The re-projection errors served as a qualitative indicator of the accuracy. Such errors represent the disparity between a pattern’s key point (corner points) detected in a calibration image and the corresponding world point projected onto the same image. The calibration application presented an informative display of the average re-projection error within each calibration image. When the overall mean re-projection error surpassed an acceptable threshold, a crucial measure for mitigating this was to exclude the images exhibiting the highest error and then proceed with the recalibration. Re-projection errors are influenced by camera resolution and lenses. Notably, a higher resolution combined with wider lenses can lead to increased errors, and conversely, narrower lenses with lower resolution can help minimize them. Typically, a mean re-projection error of less than one pixel is deemed satisfactory. Figure 6 below illustrates both the mean re-projection error per image in pixels and the overall mean error of the selected images.

6.2. Depth Estimation

Our focus was primarily on fire detection, using it as a case study within our methodology. In our approach, we leveraged the previously discussed trained network to execute the fire detection task, a process that can be succinctly summarized as follows.

The process included the visual representation of the detected object through bounding boxes, as exemplified in Figure 7 below. The process of depth extraction entailed the following sequential steps.

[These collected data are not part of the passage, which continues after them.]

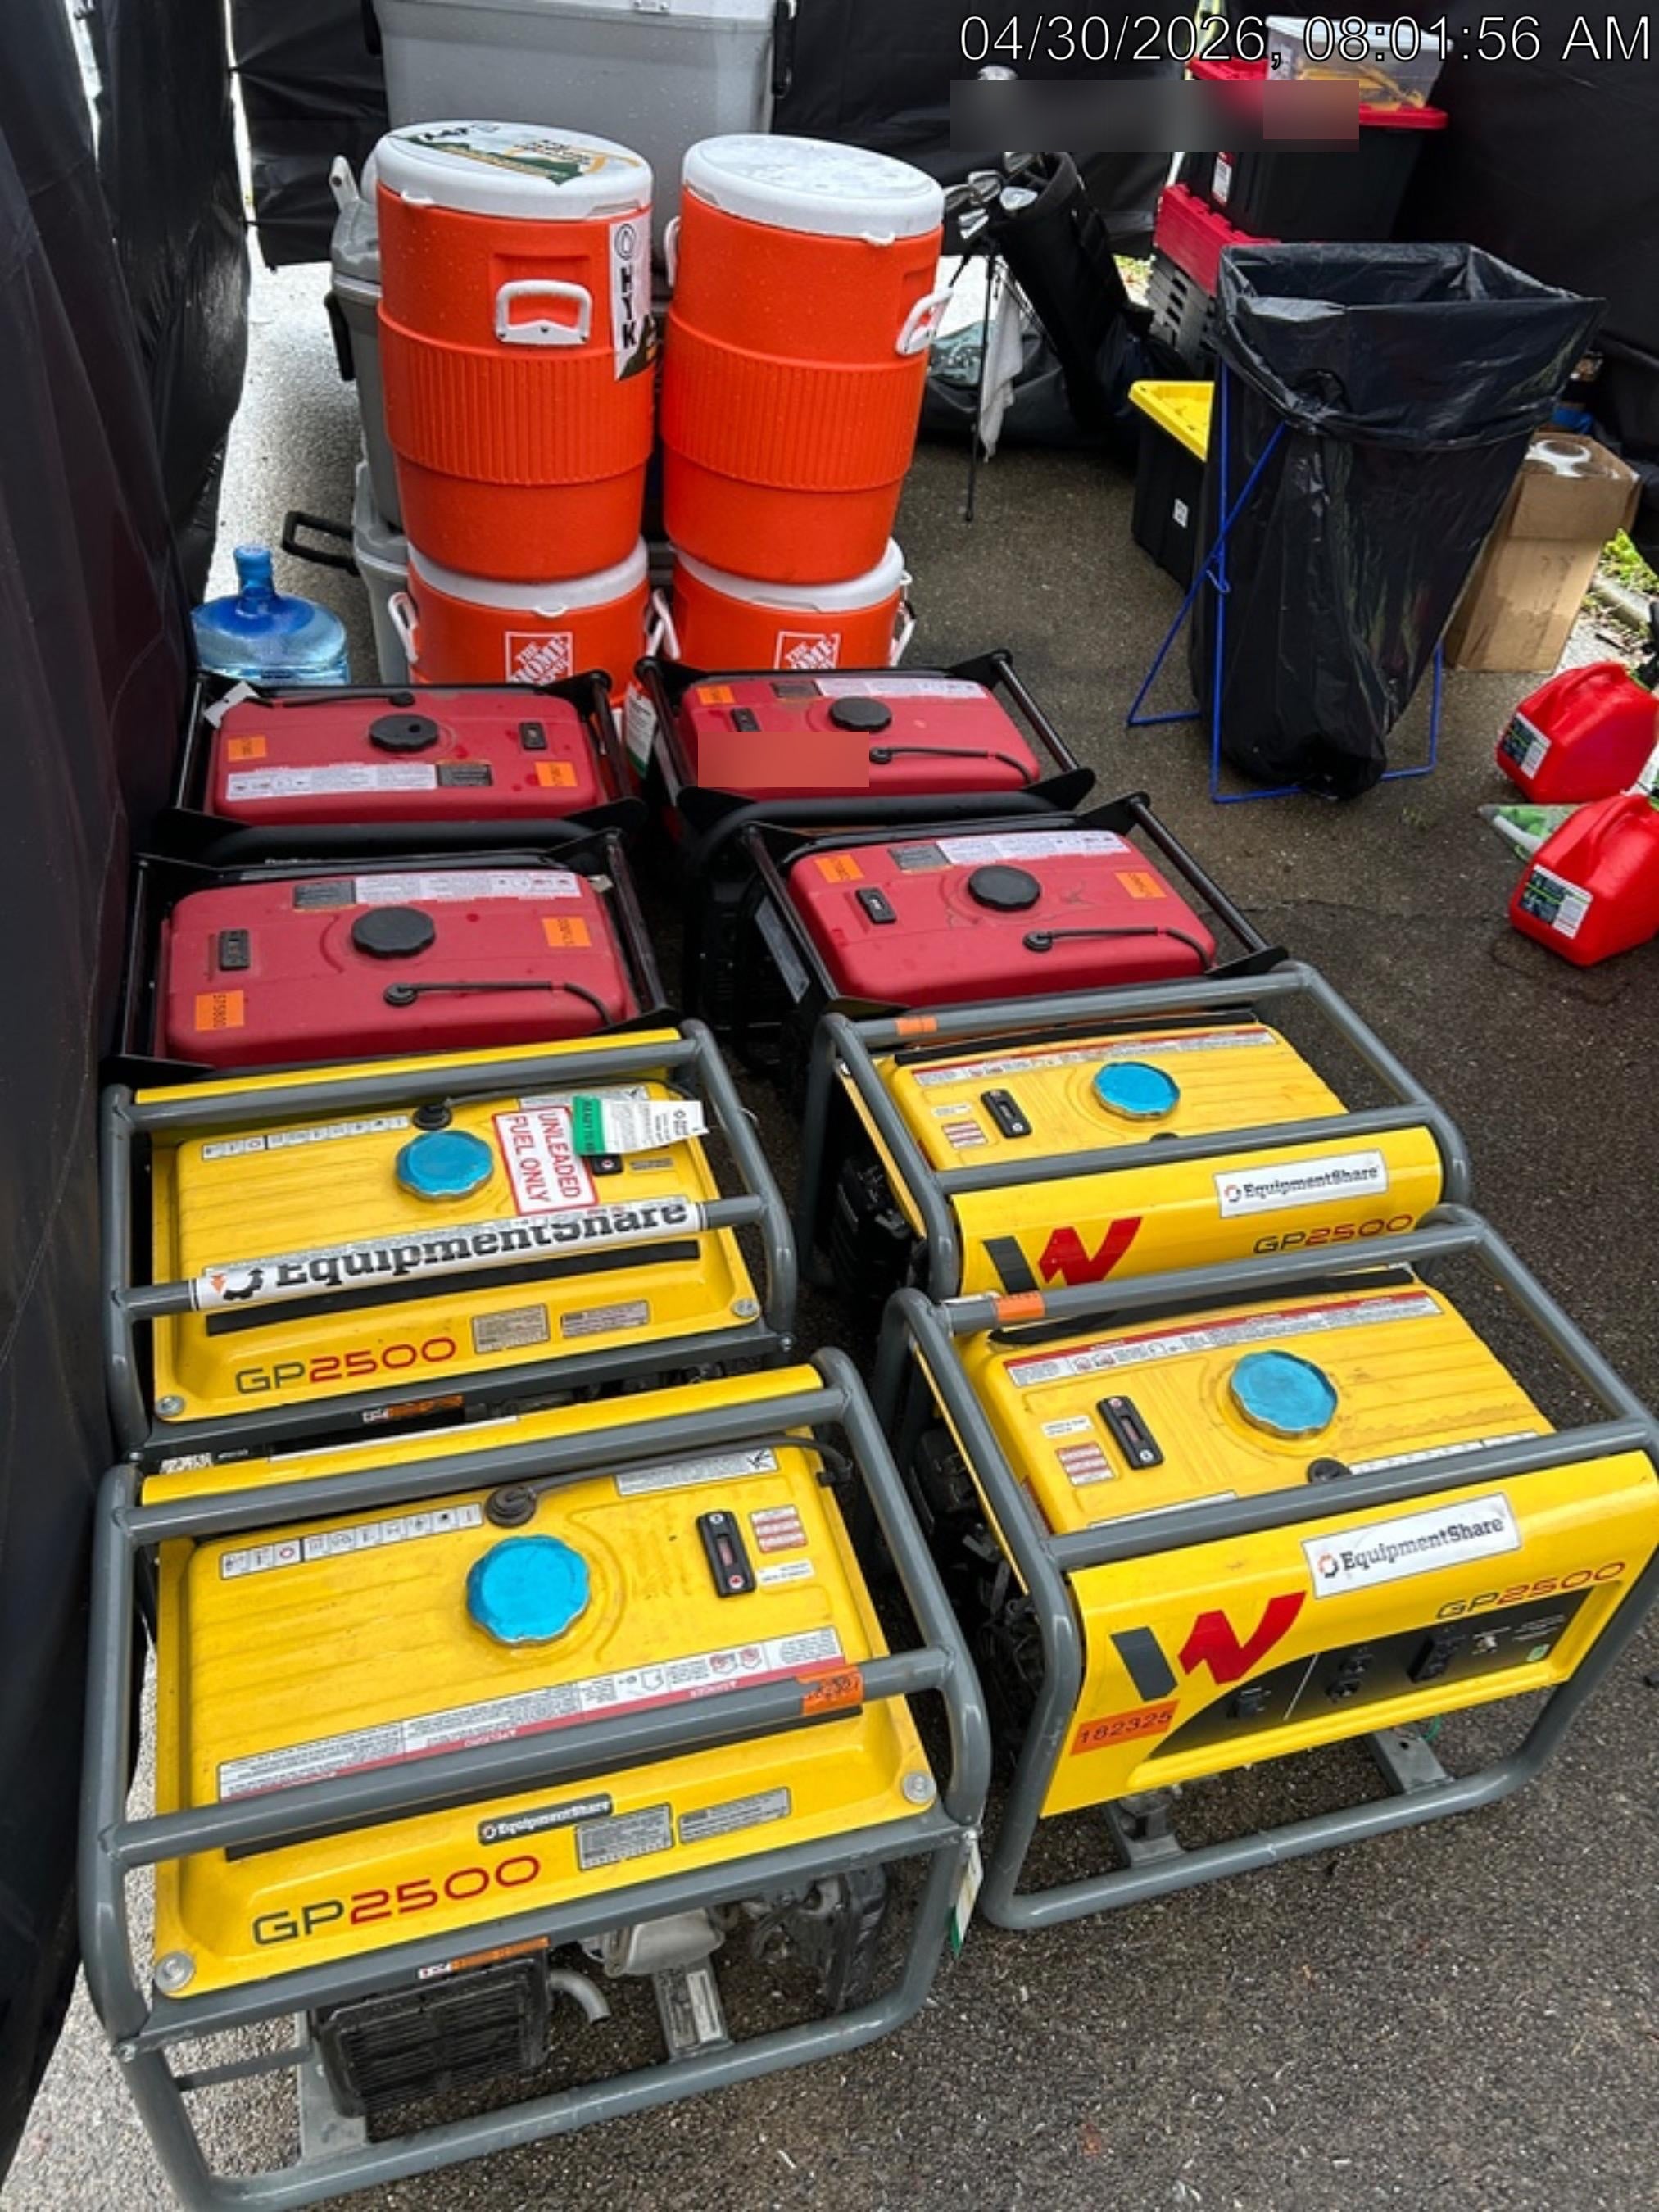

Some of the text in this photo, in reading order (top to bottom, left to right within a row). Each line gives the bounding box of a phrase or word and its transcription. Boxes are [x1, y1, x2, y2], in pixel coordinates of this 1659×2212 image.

[505, 1115, 551, 1202] FUEL ONLY
[537, 1112, 581, 1198] UNLEADED
[1243, 1167, 1378, 1199] EquipmentShare
[277, 1202, 687, 1288] EquipmentShare
[1253, 1214, 1413, 1253] GP2500
[236, 1337, 456, 1394] GP2500
[1340, 1516, 1503, 1571] EquipmentShare
[1436, 1561, 1626, 1620] GP2500
[1080, 1710, 1173, 1743] 182325
[252, 1855, 540, 1946] GP2500

Image undistortion: To enhance the accuracy of the depth estimation, the initial image was subjected to undistortion. This rectified the image deformations resulting from the camera’s lenses. The outcome was the undistorted image, which was then employed for fire detection, as depicted in Figure 7.
Center coordinates computation: The center coordinates (X, Y) of each bounding box were calculated.

This procedure ensured the extraction of the depth information in a structured manner. As depicted in Figure 8 the depth measurement outcome was recorded as 0.56 m. In comparison, the actual measured distance stood at 0.65 m, resulting in an error of 9 cm. This deviation was within an acceptable range, attributable to factors like the camera resolution, potential calibration discrepancies, and camera orientation.

6.3. Position Estimation

After successfully extracting the depth information, the subsequent task of calculating the object’s relative position to the camera became relatively straightforward, owing to the availability of inverse perspective projection equations as outlined in the earlier sections. The triangulation equations depended on the used camera model. In the case of the pinhole camera model, the equations can be represented as follows.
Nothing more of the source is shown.